CACM Reports: Carrying, spending money without a trace

July Issue Reports on High Performance SuperComputing’s New Era of, Uneven Patterns of Internet Economics, and Location Privacy in the Cellular Age

What if we could carry and spend money that would not leave a paper trail or weigh down our pockets? In the August cover story of Communications of the ACM (CACM) http://cacm.acm.org/magazines/2012/8 a group of computer scientists joined by a financial management expert survey recent efforts to make this idealized form of money using quantum mechanics. The group, which includes professors from Massachusetts Institute of Technology, the University of Waterloo, and Bar Ilan University as well as a co-founder of AMA Capital Management, point to a ‘no-cloning’ theorem that in principle enables the design of quantum systems that cannot be copied. Identifying a type of digital currency called public-key quantum money, they explain the resurgence of interest in this development and the challenges in designing it for money as well as for software programs that anyone can use but no one can copy.

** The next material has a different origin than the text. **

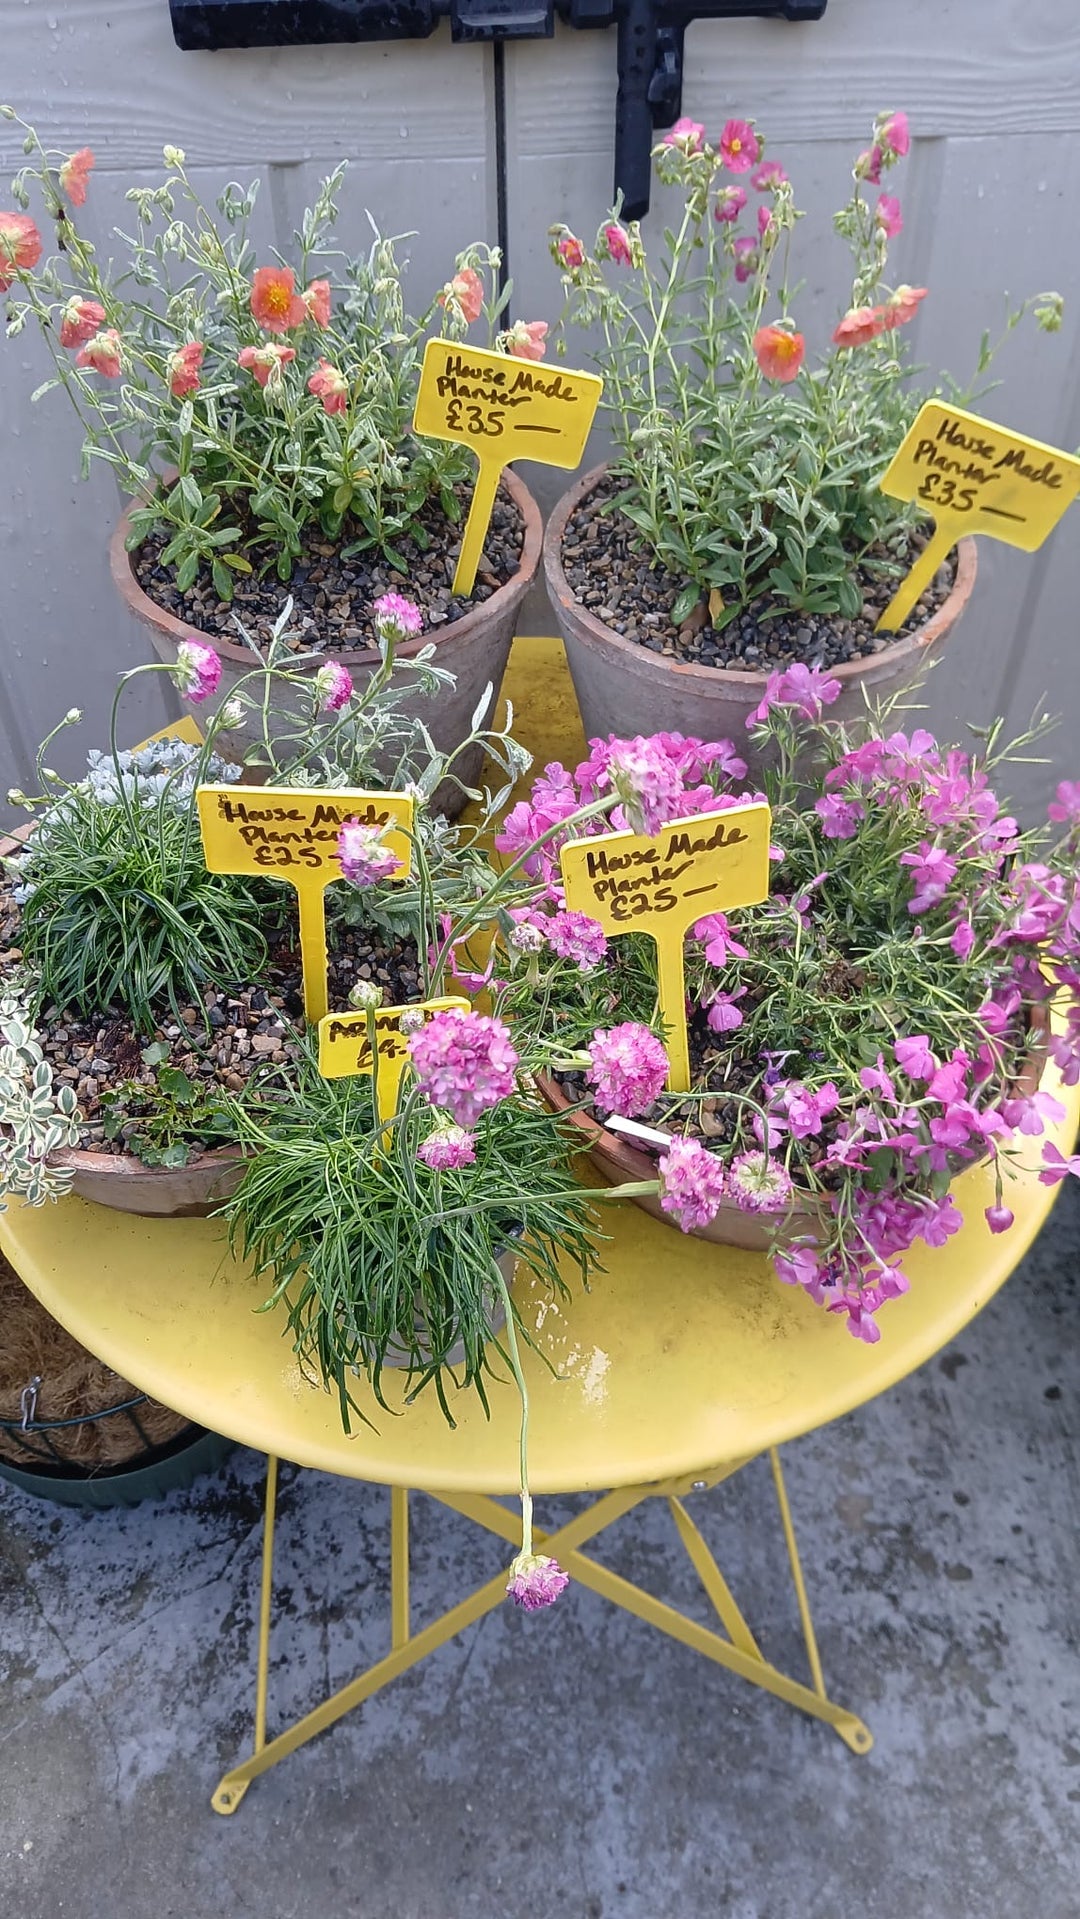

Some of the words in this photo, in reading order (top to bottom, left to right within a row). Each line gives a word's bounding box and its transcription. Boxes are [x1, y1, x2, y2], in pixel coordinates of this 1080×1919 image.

Also in this issue, the executive director of the ACM International Collegiate Programming Contest Bill Poucher, describes how the competition gives students a competitive edge. This year, more than 25,000 students from over 2,200 university participated in this global event. Students from the University of Warsaw, which hosted the contest, were edged out by the team from St. Petersburg State University of IT, Mechanics and Optics, which was invited by Russian President Vladimir Putin to the Russian Academy of Science annual meeting.

Communications, the flagship publication of ACM (the Association for Computing Machinery), acm.org offers readers access to this generation’s most significant leaders and innovators in computing and information technology, and is available online in digital format.

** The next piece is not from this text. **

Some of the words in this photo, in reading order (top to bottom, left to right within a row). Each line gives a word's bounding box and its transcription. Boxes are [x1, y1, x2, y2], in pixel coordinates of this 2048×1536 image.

Other Communications highlights:

  • Astronomy writer Jeff Kanipe examines the ability of today’s supercomputers to go “where no computer has gone before” as they create models of large-scale astronomical events. The University of California’s High-Performance AstroComputing Center successfully completed a model they called the Bolshoi simulation, which was run on the Pleiades supercomputer to recreate an unfolding cosmos. Despite significant challenges, he foresees a new era of high performance computing dawning, which will probe levels of complexity we can only imagine.
  • Somewhat unexpectedly, the Democratic People’s Republic of Korea – known informally as North Korea – has a sizeable IT sector, writes Paul Tjia, founder of GPI Consultancy, an independent firm in the field of global IT. North Korea’s unique selling point as a growing area for IT outsourcing is the low cost of highly technically skilled labor. He predicts the country won’t follow the same meteoric trajectory as India, but he says building IT relationships could be part of a broader path to more general rapprochement with other nations.
  • George Neville-Neil describes his rare but rewarding reaction to a piece of good code, and takes a moment to stop and “smell the code before wasting time reentering configuration data.” Among the positive attributes, he writes, are that the code is well laid out, nicely indented, and has variables that are short, yet readable.
  • Chris Forman of Georgia Institute of Technology, Avi Goldfarb of the University of Toronto, and Shane Greenstein of Northwestern University examine the uneven patterns of Internet economics in light of optimistic projections that it would erase geographic and socioeconomic boundaries. Their recent study shows that benefits from Internet adoption such as increased wages are, on balance, more likely to show up in New York City than in rural Iowa, with important implications for public policy.
  • Cornell University’s Stephen Wicker explores the evolution of location-based services to address the loss of location privacy in the cellular age. He focuses on Apples’s and Google’s use of crowdsourced data to fix locations faster and more accurately than the global positioning system. The more that can be done and kept within the handset, he observes, the greater the preservation of anonymity. He provides other rules of thumb, including maintenance of a coarse level of granularity for any location estimate, and disassociation of repeated requests for location-based services.
  • OpenFlow is a new network technology that will enable many new applications and new ways of managing networks, writes Google’s Thomas Limoncelli. He describes three real applications of this open-standard, software-defined, and new idea in networking. He calls OpenFlow a radical approach that enables software developers to program the network for fundamentally different optimizations on a per-flow basis. This potentially disruptive technology and, he says, may not be adopted at all.
  • Blog @CACM blogger John Langford poses questions about the direction of research for machine learning and algorithms. Ruben Ortega shares lessons about agile development practices like Scrum.